Exercise aim: Would you repeat the listing exactly, without any of its images?

Dataset excerpts:
====

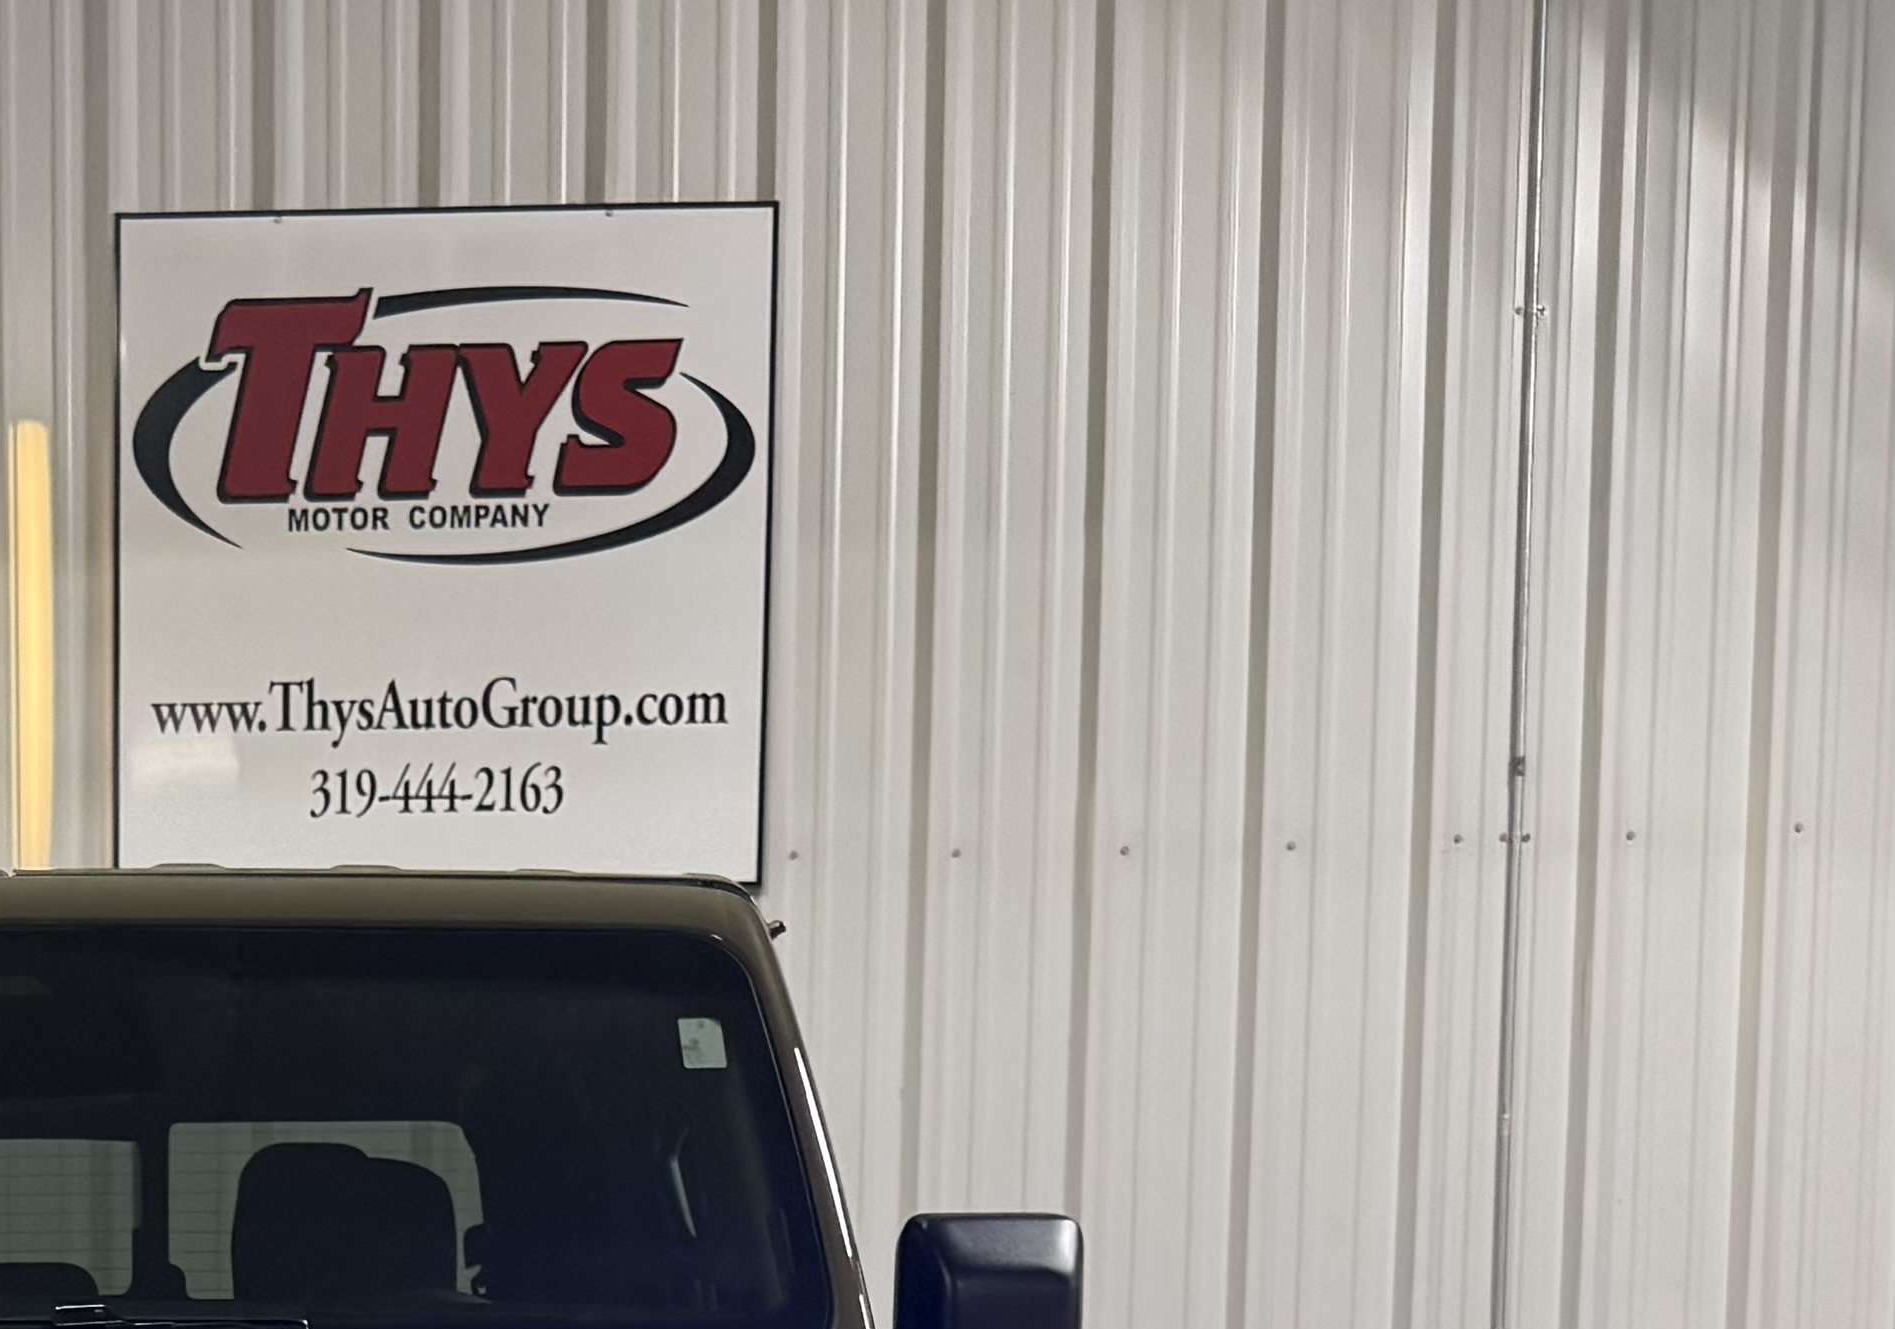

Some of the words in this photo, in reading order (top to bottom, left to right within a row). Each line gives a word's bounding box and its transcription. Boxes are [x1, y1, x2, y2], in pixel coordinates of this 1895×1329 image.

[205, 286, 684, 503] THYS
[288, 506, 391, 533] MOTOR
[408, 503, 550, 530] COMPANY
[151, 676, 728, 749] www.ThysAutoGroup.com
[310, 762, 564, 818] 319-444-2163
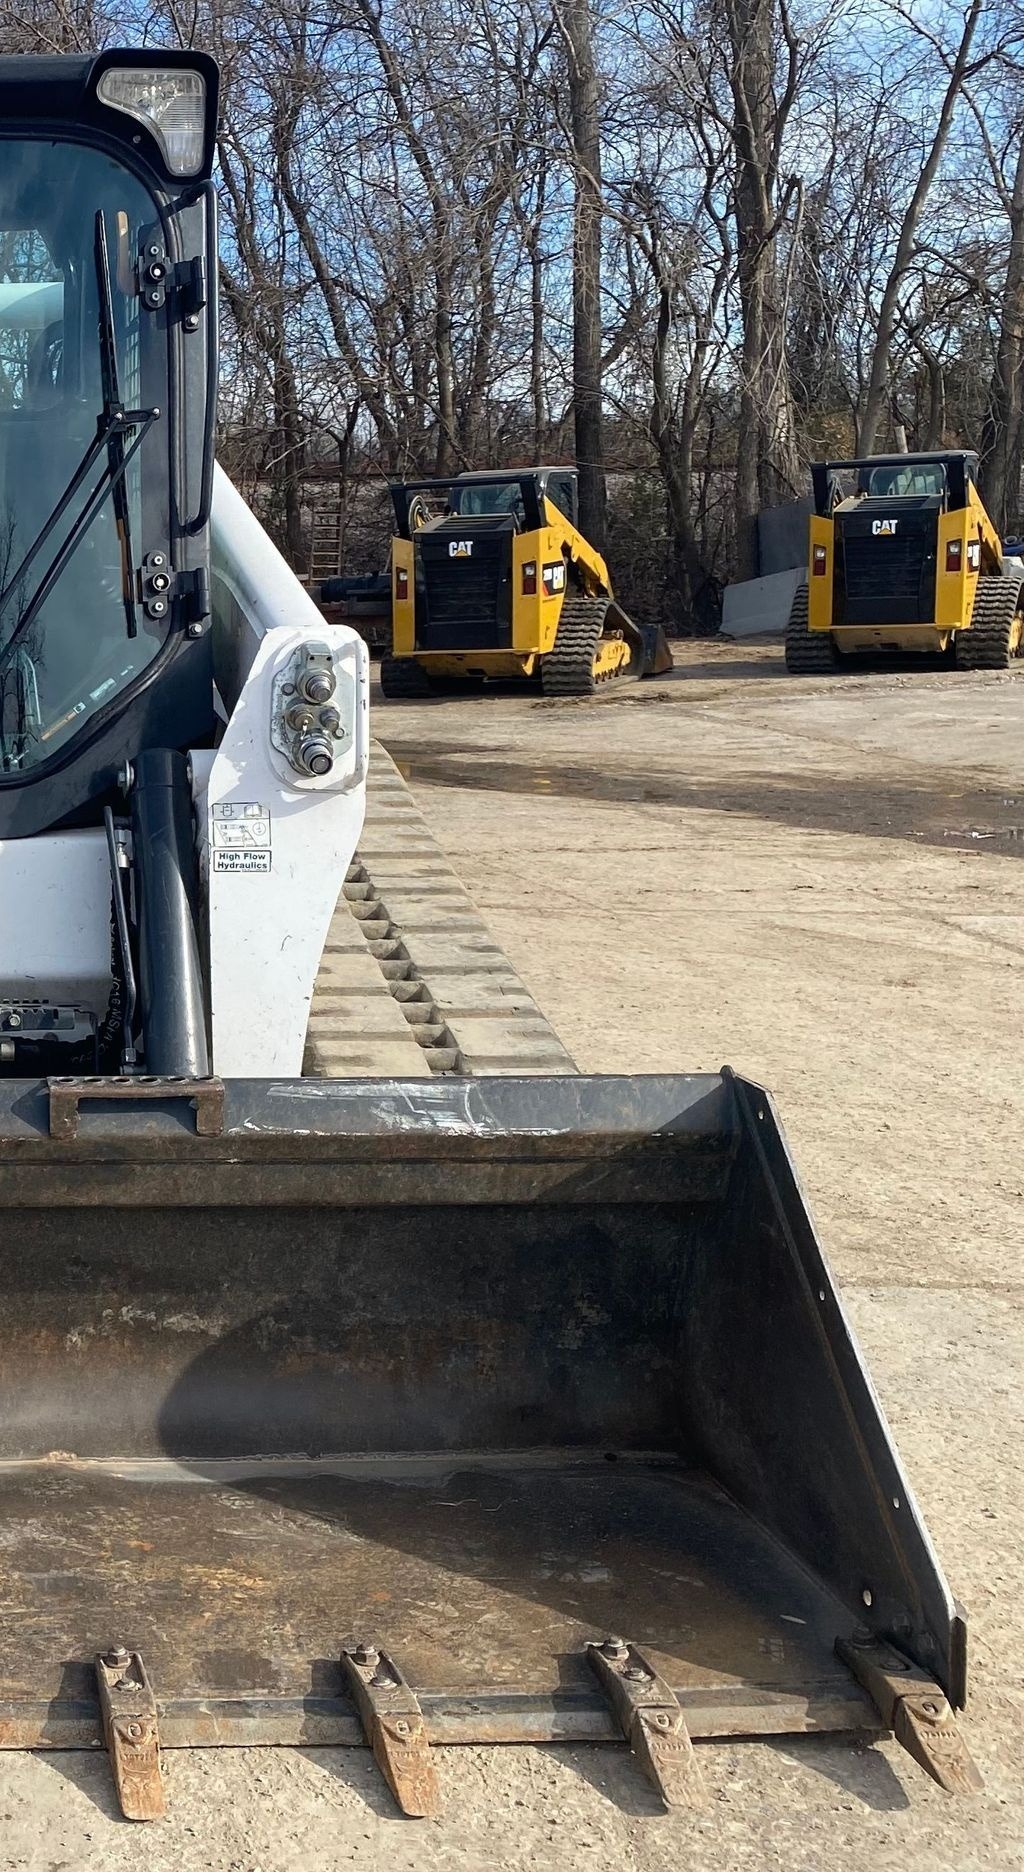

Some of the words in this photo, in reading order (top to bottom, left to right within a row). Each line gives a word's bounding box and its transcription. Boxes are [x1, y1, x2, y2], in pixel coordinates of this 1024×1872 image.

====

Response to this exercise:
Some of the words in this photo, in reading order (top to bottom, left to right within a row). Each line gives a word's bounding box and its transcription. Boxes are [x1, y1, x2, y2], in pixel coordinates of this 1895×1329 image.

[205, 286, 684, 503] THYS
[288, 506, 391, 533] MOTOR
[408, 503, 550, 530] COMPANY
[151, 676, 728, 749] www.ThysAutoGroup.com
[310, 762, 564, 818] 319-444-2163

Some of the words in this photo, in reading order (top to bottom, left to right within a row). Each line gives a word's bounding box and its transcription. Boxes are [x1, y1, x2, y2], in pixel coordinates of this 1024×1872 image.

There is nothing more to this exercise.